Exclude any images and output the remaining records exactly.

[Opening Extracted entries section]

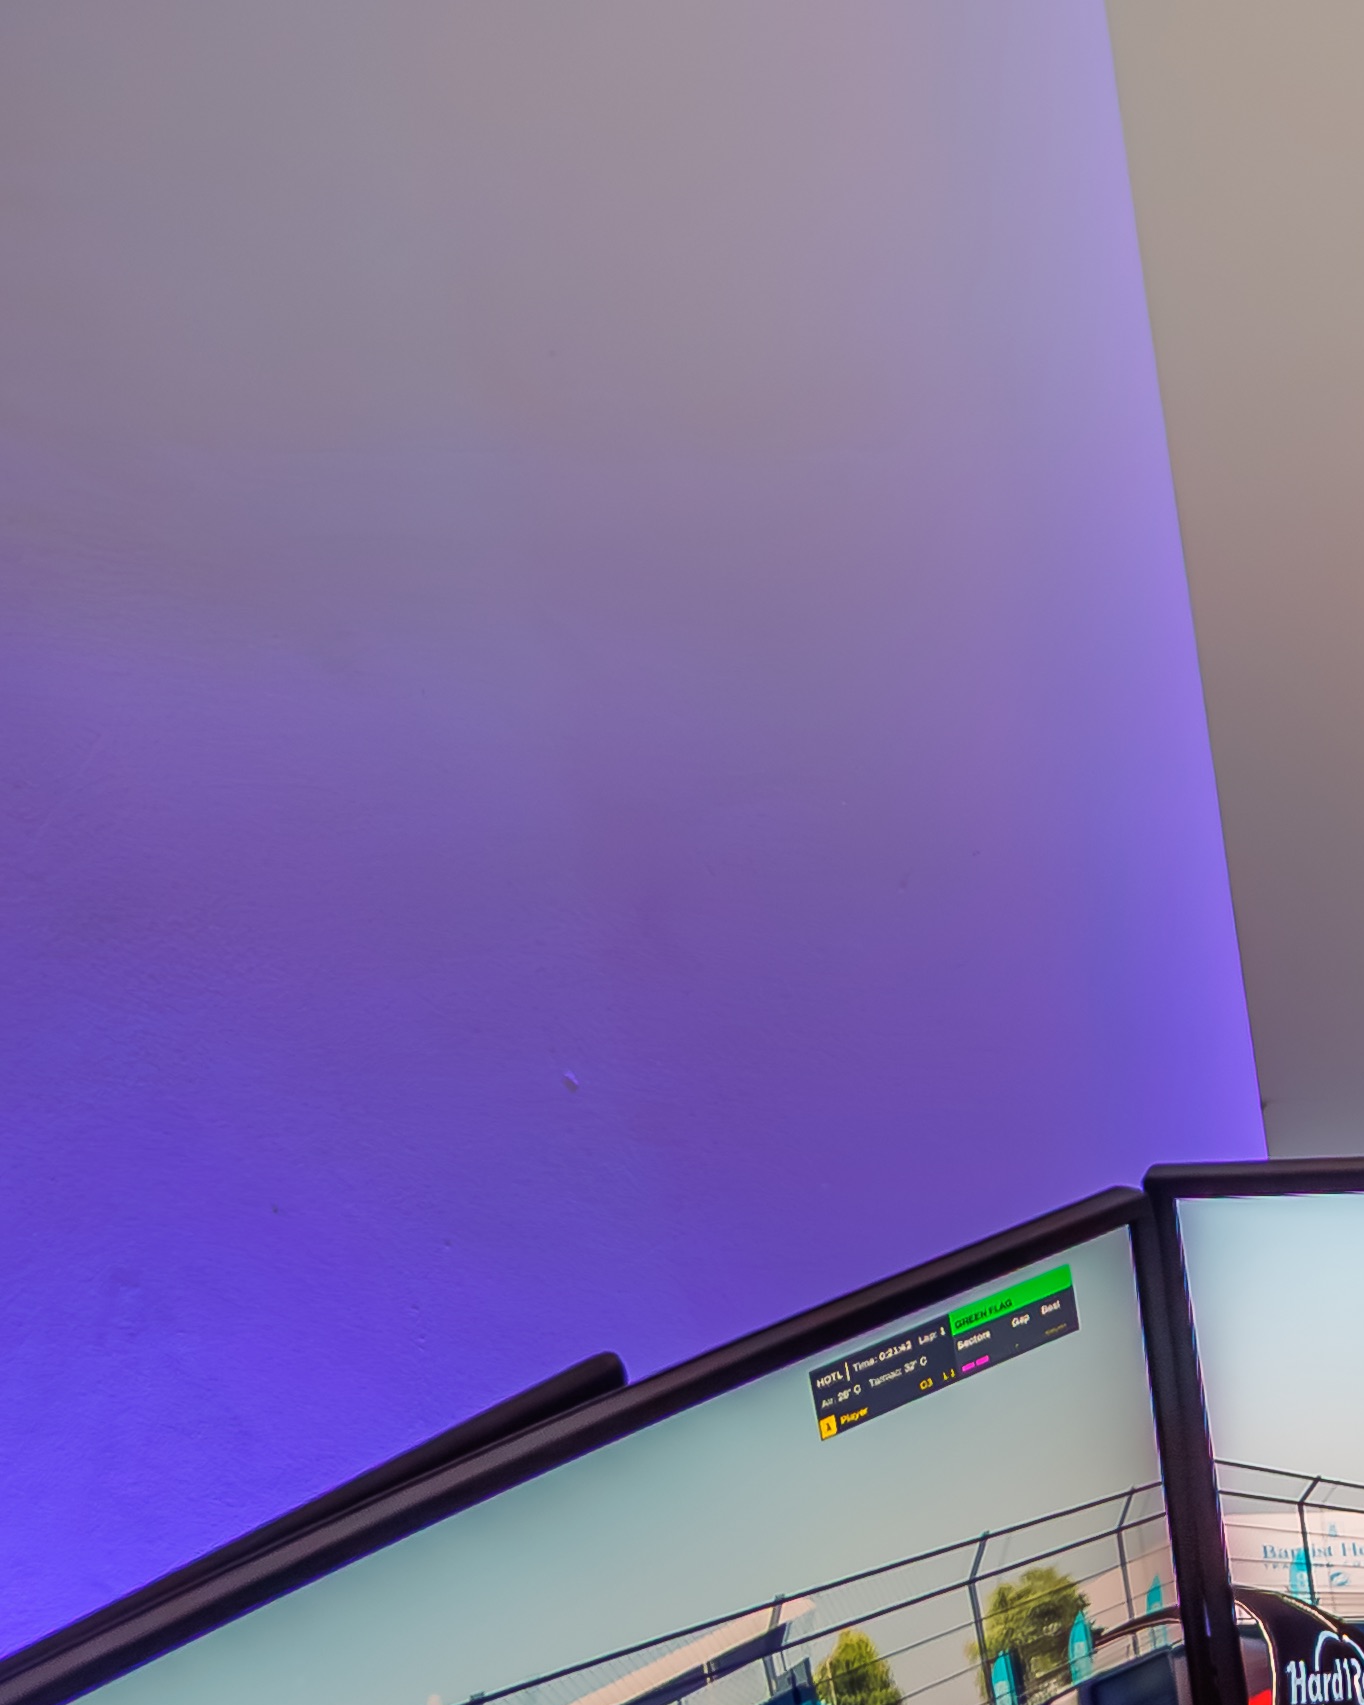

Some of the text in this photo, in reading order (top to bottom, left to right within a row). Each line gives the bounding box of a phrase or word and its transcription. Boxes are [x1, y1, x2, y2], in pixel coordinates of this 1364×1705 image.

[955, 1298, 1012, 1329] GREEN FLAG
[957, 1300, 1061, 1351] Sectors Gap Best
[840, 1407, 868, 1424] Player
[1285, 1659, 1344, 1705] Hard
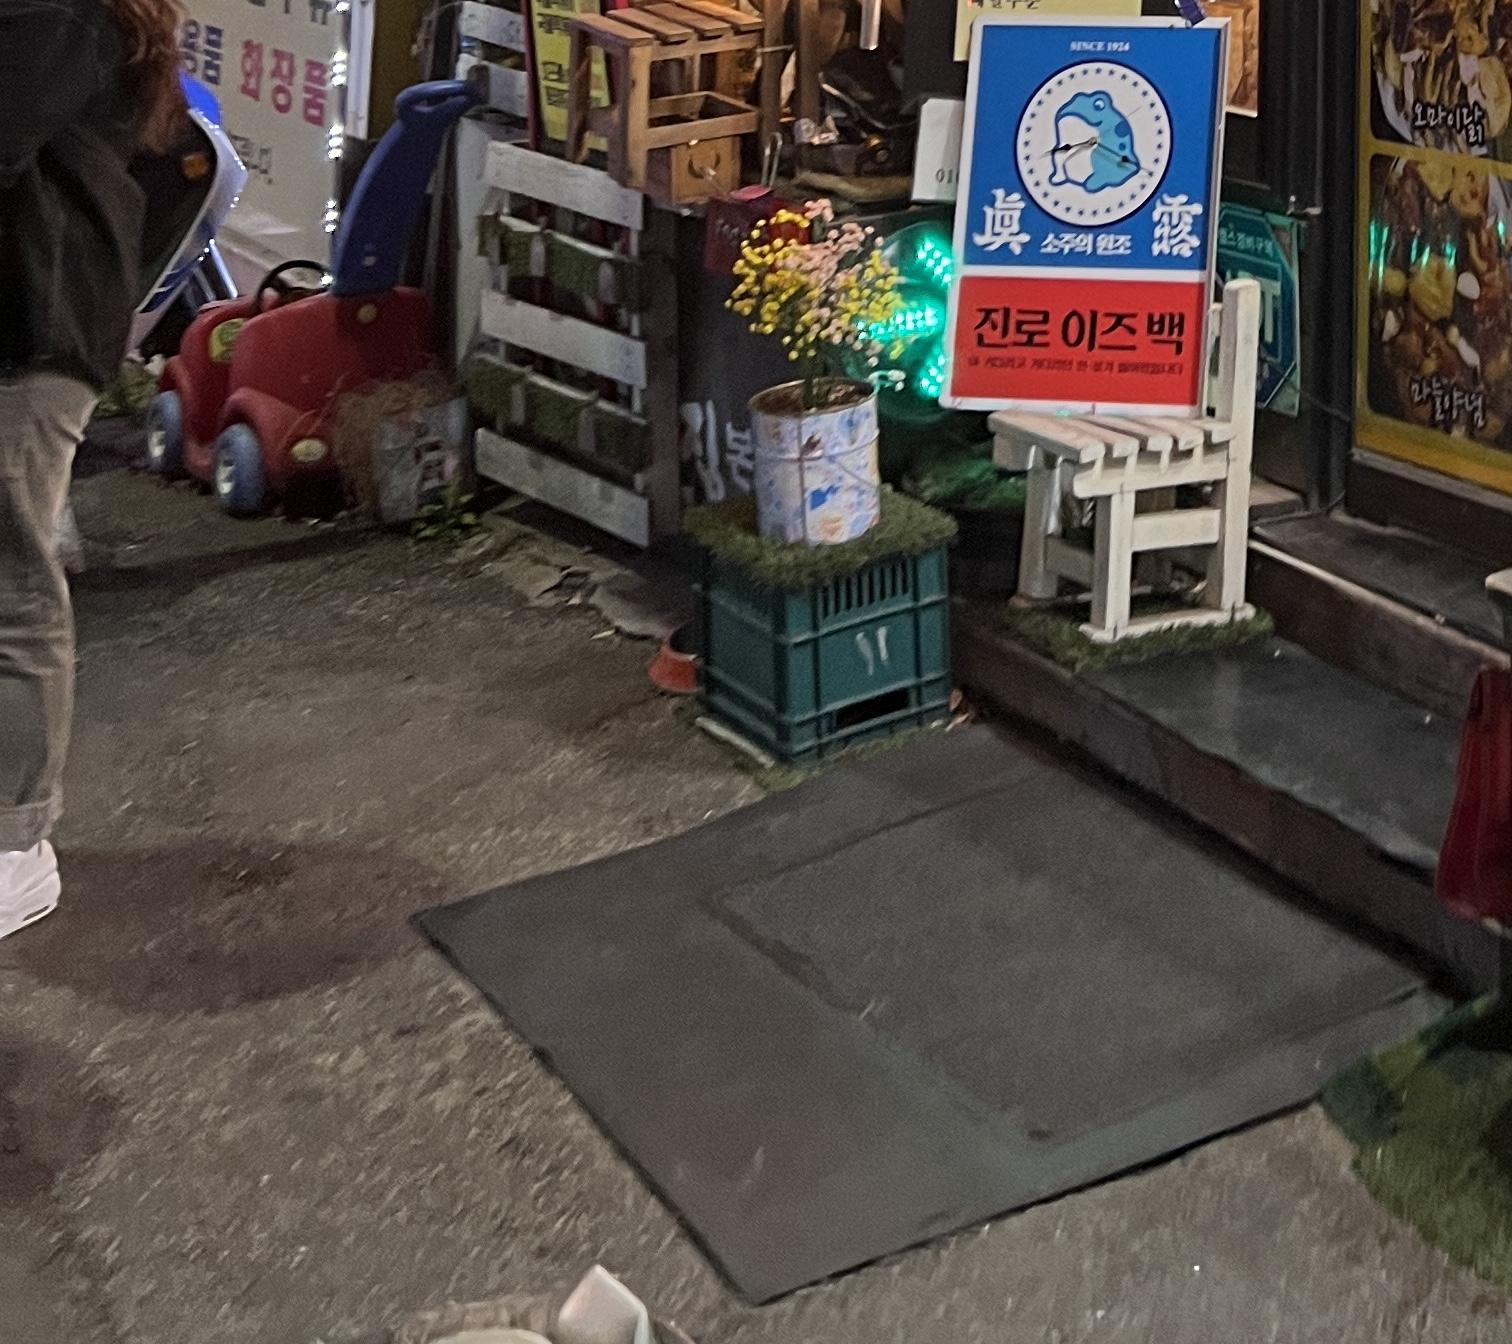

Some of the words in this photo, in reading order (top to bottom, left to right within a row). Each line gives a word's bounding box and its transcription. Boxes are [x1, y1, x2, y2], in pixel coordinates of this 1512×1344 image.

[1069, 40, 1105, 52] SINCE
[1414, 102, 1485, 143] 오마이닭
[1040, 233, 1093, 256] 소주의
[1096, 234, 1132, 256] 원조
[974, 306, 1050, 349] 진로
[1061, 309, 1138, 353] 이즈
[1147, 311, 1185, 356] 백

[Closing Extracted entries section]

Output for this exercise>
Some of the text in this photo, in reading order (top to bottom, left to right within a row). Each line gives the bounding box of a phrase or word and its transcription. Boxes are [x1, y1, x2, y2], in pixel coordinates of this 1364×1705 image.

[955, 1298, 1012, 1329] GREEN FLAG
[957, 1300, 1061, 1351] Sectors Gap Best
[840, 1407, 868, 1424] Player
[1285, 1659, 1344, 1705] Hard

Some of the words in this photo, in reading order (top to bottom, left to right within a row). Each line gives a word's bounding box and its transcription. Boxes are [x1, y1, x2, y2], in pixel coordinates of this 1512×1344 image.

[1069, 40, 1105, 52] SINCE
[1414, 102, 1485, 143] 오마이닭
[1040, 233, 1093, 256] 소주의
[1096, 234, 1132, 256] 원조
[974, 306, 1050, 349] 진로
[1061, 309, 1138, 353] 이즈
[1147, 311, 1185, 356] 백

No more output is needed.